Brave battle to the end: ‘Truly fearless’ WC snake handler succumbs to cobra bite
'Never seen such a reaction': Doctors were stunned that eight doses of antivenom could not save the life of snake handler Rico Pentz.
Well-known snake handler and wildlife expert from Strand in the Western Cape, was bitten by a cobra during a call-out last week. Photos via Instagram and Facebook/ Rico Pentz
Respected Western Cape snake handler and wildlife rescuer Rico Pentz has tragically passed away on Monday after he was bitten by a snouted cobra on a call-out last week.
The 39-year-old Helderberg Wildlife Rescue and Animal Anti-Cruelty founder and father of three was rushed to the emergency unit at Mediclinic Vergelegen on Wednesday evening where he received eight doses of antivenom.
Snake handler Rico Pentz: No response to antivenom
Pentz’s mother, Rosa Steenkamp, told Netwerk24 that due to the risk of anaphylactic shock, hospital staff could not administer more antivenom although additional doses might have been required.
According to Steenkamp, Pentz showed no sign of responding to the antivenom.
“It seemed as if his body was not responding to the antidote.
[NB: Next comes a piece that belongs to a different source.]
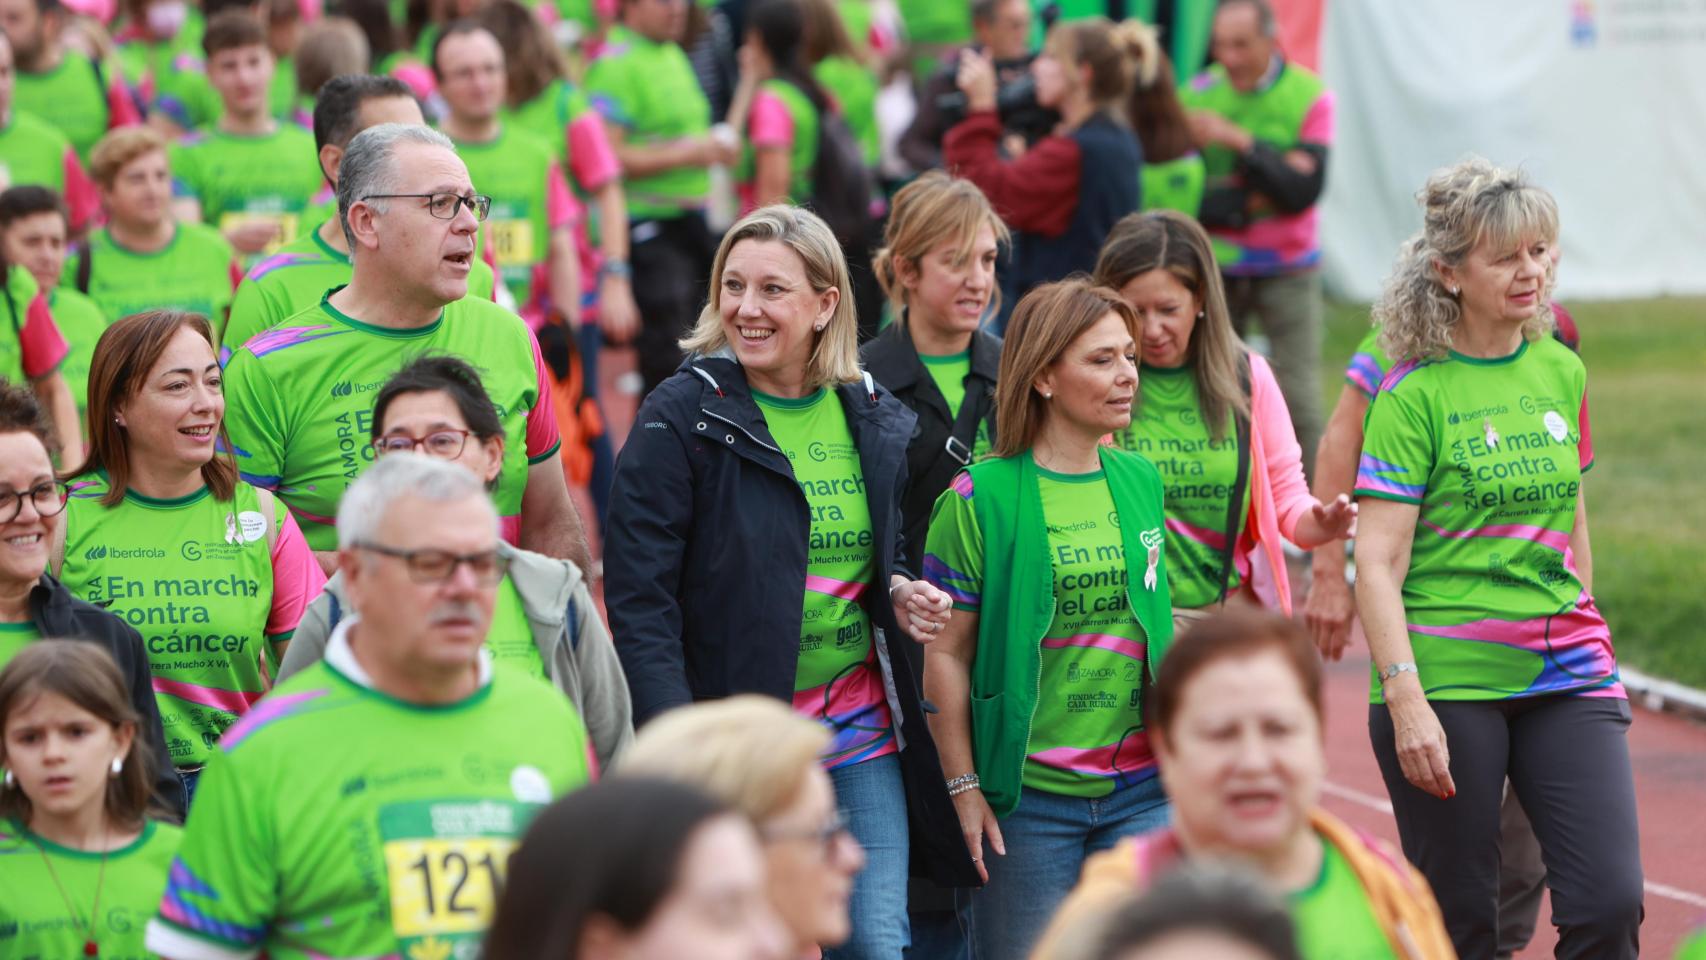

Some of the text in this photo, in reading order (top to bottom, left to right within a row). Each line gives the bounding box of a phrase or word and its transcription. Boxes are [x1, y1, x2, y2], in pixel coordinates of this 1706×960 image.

The doctors say they have never seen such a reaction.”
Rico Pentz ‘fought for animals and his family’
The father of three was moved to Tygerberg Hospital’s intensive care unit on Friday, where he was put on life support. Pentz, however, sadly passed away on Monday.
“Rico was a person who fought for animals and his family. He did not like injustice and would stand up against it, no matter what it was. He was truly fearless,” Steenkamp, who was at his hospital bed alongside his life partner, Eva Freedom, until the very end.
Pentz, who worked at Eagle Encounters on the Spier Wine Estate in Stellenbosch, reportedly underwent extensive treatment in the past when he was bitten by venomous puffadders in two separate incidents.
Snake season alert
According to a release by Cape Town’s Mountain Club of South Africa (MCSA), the main snakebite season is from January to April/May – hot and wet summer months and during this period about 80% of snakebites in Southern Africa are recorded.
Cape Town’s deadly snake trio and what to do
Western Cape reptile expert Tyrone Ping said Cape cobras, boomslangs and puff adders are “the only three most venomous snakes to worry about” in Cape Town.
Durbanville, snake catcher Andries Cilliers said harmless mole snakes were in abundance in the Cape Town area and along the West Coast.
He advised Capetonians to regularly trim the trees in their garden and cautioned people who encounter a snake to always maintain a distance of five metres, “especially if it’s a cobra”.
What is the average cost of treating a snakebite?
According to Cape Town-based snake handling trainer Willem van Zyl, the average snakebite treatment in a hospital could cost about R200 000.
“If you need surgery, costs may be well over R1 million, so it’s much cheaper to call a snake catcher when you see one rather than try and deal with it yourself,” he told News24.
Has SA’s critical shortage in snakebite antivenom been resolved?
In April last year, the National Snakebite Advisory Group raised the alarm on the fact that South Africa was experiencing a massive shortage of snakebite antivenom.
After an appeal to Health Minister Dr Joe Phaahla to ensure funding and emergency upgrades of equipment and backup power supply at the South African Vaccine Producers’ production plant, the shortage crisis has apparently been resolved.